The records: Begin
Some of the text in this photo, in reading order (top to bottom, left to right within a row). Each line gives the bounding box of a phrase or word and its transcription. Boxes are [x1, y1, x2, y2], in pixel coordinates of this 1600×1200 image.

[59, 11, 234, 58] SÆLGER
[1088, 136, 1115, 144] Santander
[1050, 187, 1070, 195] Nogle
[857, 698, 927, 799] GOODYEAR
The records: End
Your assignment. Write out the data exactly as it stands.

Written response.
Some of the text in this photo, in reading order (top to bottom, left to right within a row). Each line gives the bounding box of a phrase or word and its transcription. Boxes are [x1, y1, x2, y2], in pixel coordinates of this 1600×1200 image.

[59, 11, 234, 58] SÆLGER
[1088, 136, 1115, 144] Santander
[1050, 187, 1070, 195] Nogle
[857, 698, 927, 799] GOODYEAR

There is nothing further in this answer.